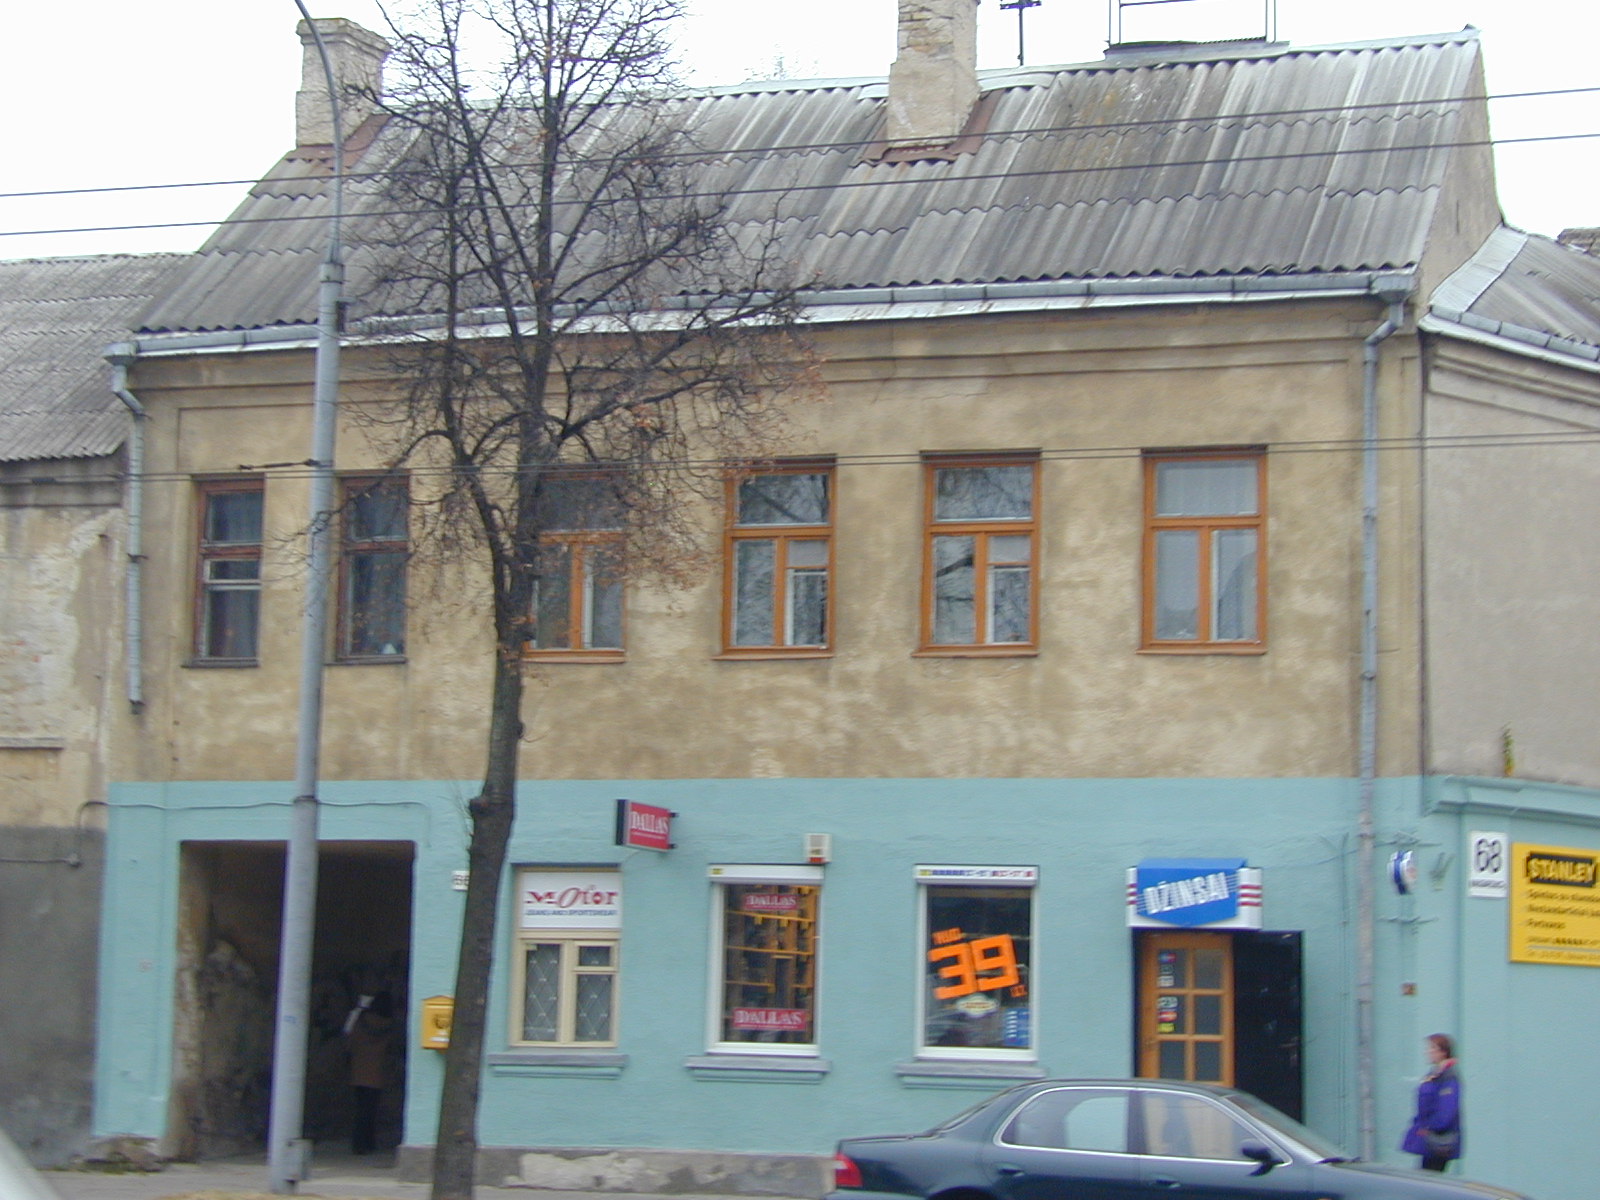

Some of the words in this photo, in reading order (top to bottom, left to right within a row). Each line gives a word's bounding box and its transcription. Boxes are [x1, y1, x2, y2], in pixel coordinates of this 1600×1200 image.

[630, 811, 669, 834] DALLAS
[1474, 838, 1502, 873] 68
[1528, 858, 1595, 883] STANLEY
[747, 894, 797, 906] DALLAS
[1143, 871, 1229, 914] DŽINSAI
[927, 933, 1020, 1000] 39
[735, 1010, 802, 1025] DALLAS
○ ○ ○ ○
▸ **How to complete this task**:
Pictures are to be left out; everything else in the entries is reproduced verbatim.

▸ **Your response**:
Some of the words in this photo, in reading order (top to bottom, left to right within a row). Each line gives a word's bounding box and its transcription. Boxes are [x1, y1, x2, y2], in pixel coordinates of this 1600×1200 image.

[630, 811, 669, 834] DALLAS
[1474, 838, 1502, 873] 68
[1528, 858, 1595, 883] STANLEY
[747, 894, 797, 906] DALLAS
[1143, 871, 1229, 914] DŽINSAI
[927, 933, 1020, 1000] 39
[735, 1010, 802, 1025] DALLAS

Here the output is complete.